DATASET ENTRIES =>
□ □ □
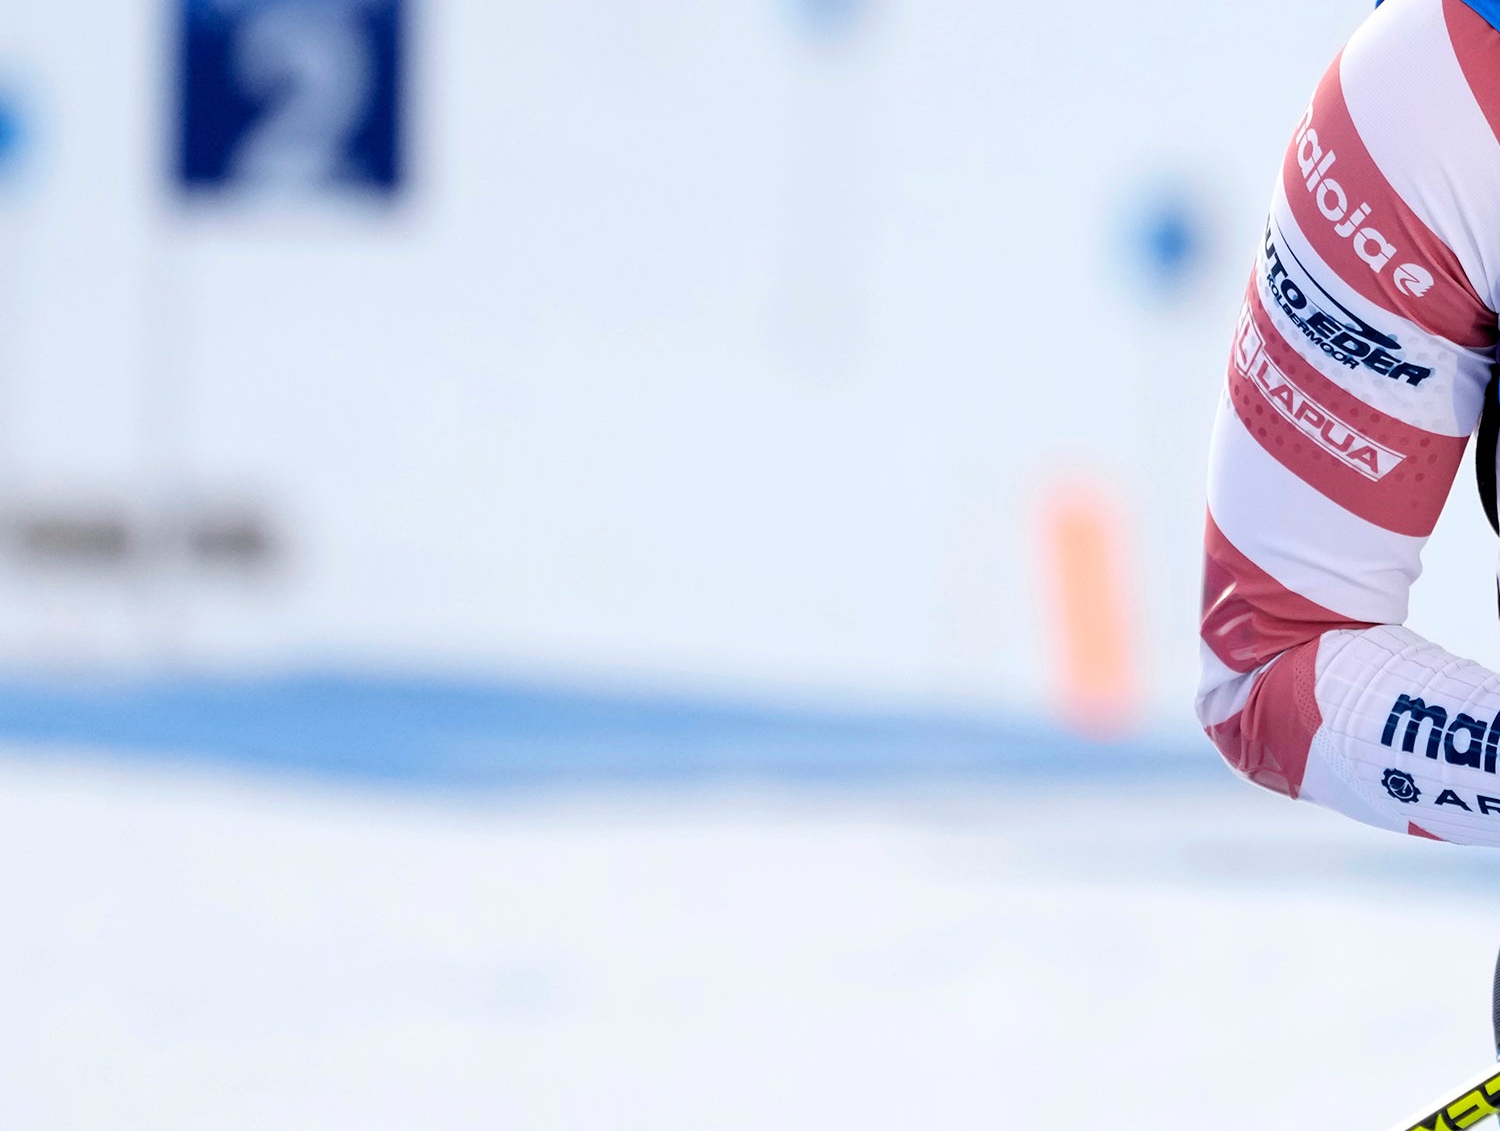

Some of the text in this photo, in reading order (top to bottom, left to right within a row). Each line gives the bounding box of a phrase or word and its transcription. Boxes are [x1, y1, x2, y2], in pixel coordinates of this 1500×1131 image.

[1264, 219, 1432, 387] UTO EDER
[1266, 273, 1361, 371] KOLBERMOOR
[1256, 361, 1381, 475] LAPUA
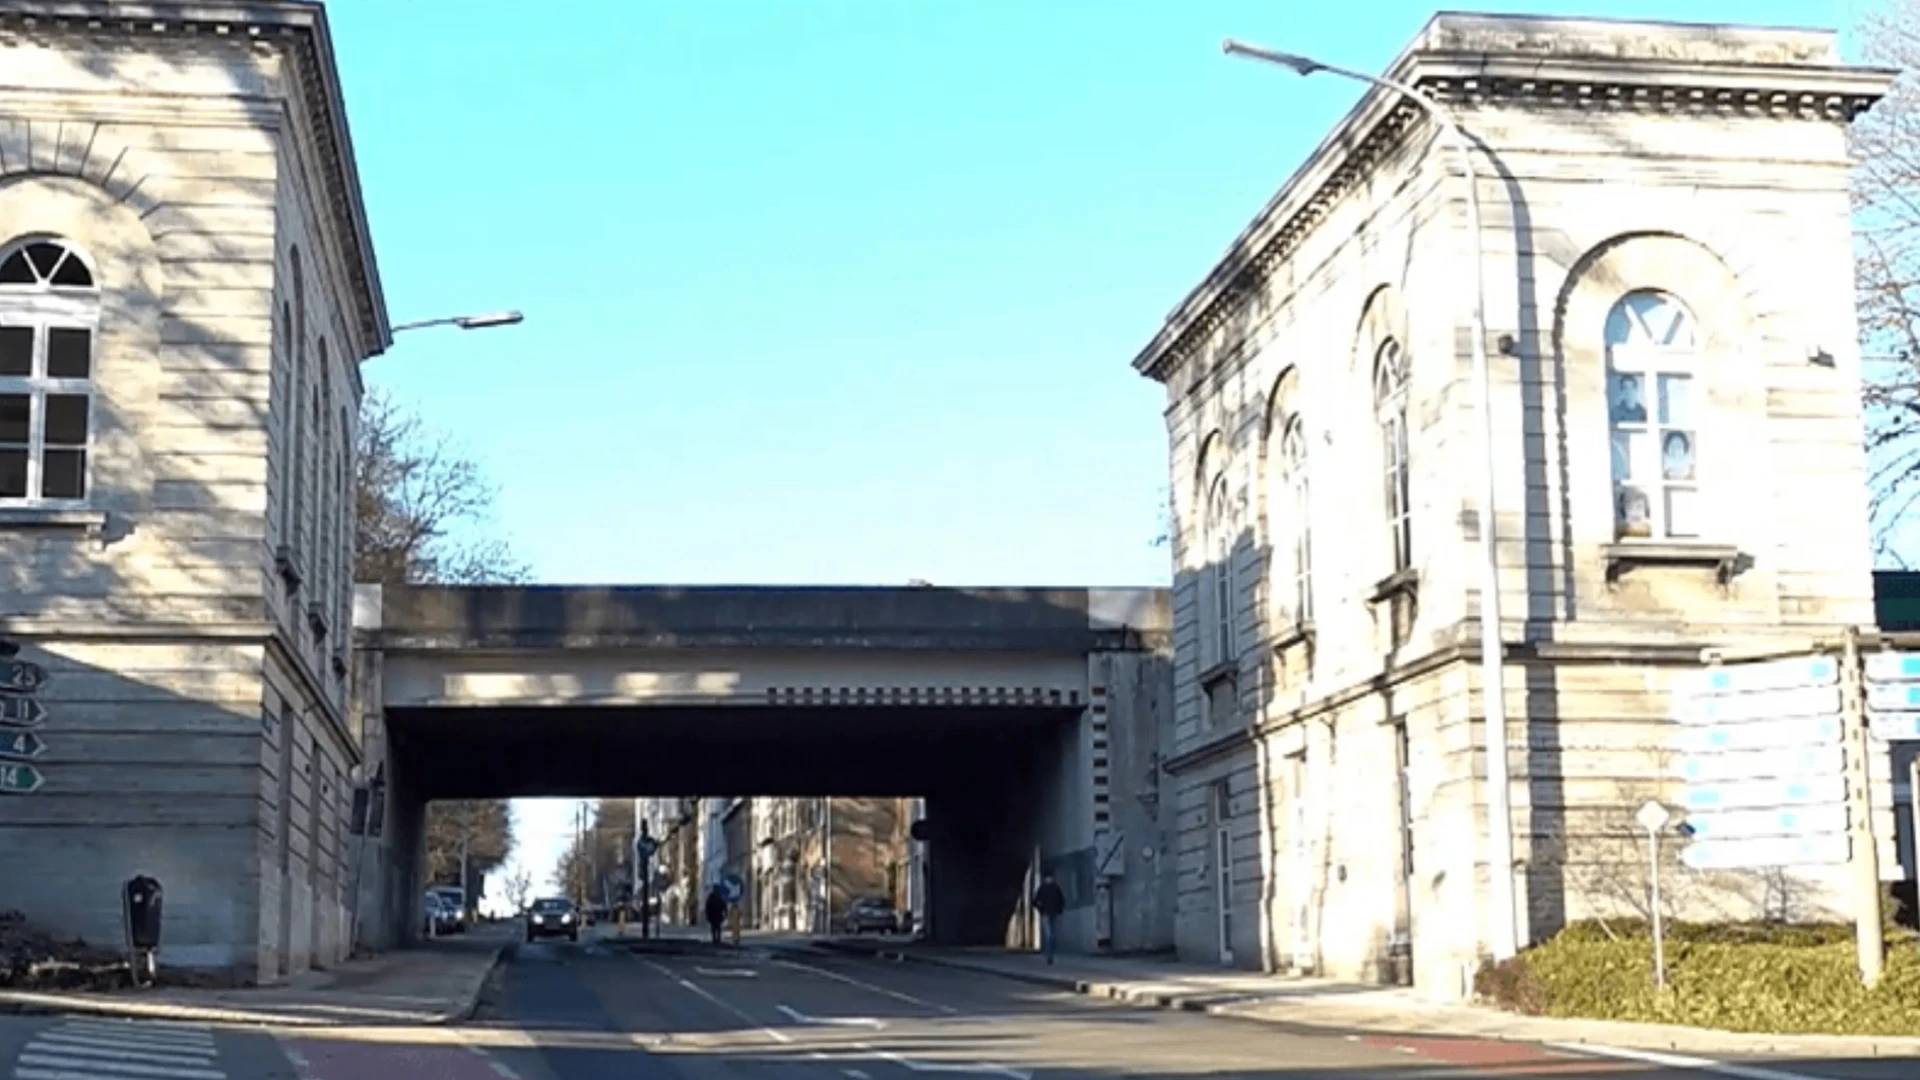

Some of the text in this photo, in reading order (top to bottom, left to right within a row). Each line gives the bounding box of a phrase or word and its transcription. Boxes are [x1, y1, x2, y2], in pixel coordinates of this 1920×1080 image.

[12, 664, 36, 686] 25
[16, 700, 29, 718] 11
[13, 735, 25, 752] 4
[0, 766, 17, 786] 14
□ □ □
TASK DETAILS => Extract the full listing above verbatim; pictures are to be left out of the copy.

RESULT OF THIS EXERCISE =>
Some of the text in this photo, in reading order (top to bottom, left to right within a row). Each line gives the bounding box of a phrase or word and its transcription. Boxes are [x1, y1, x2, y2], in pixel coordinates of this 1500×1131 image.

[1264, 219, 1432, 387] UTO EDER
[1266, 273, 1361, 371] KOLBERMOOR
[1256, 361, 1381, 475] LAPUA

Some of the text in this photo, in reading order (top to bottom, left to right within a row). Each line gives the bounding box of a phrase or word and its transcription. Boxes are [x1, y1, x2, y2], in pixel coordinates of this 1920×1080 image.

[12, 664, 36, 686] 25
[16, 700, 29, 718] 11
[13, 735, 25, 752] 4
[0, 766, 17, 786] 14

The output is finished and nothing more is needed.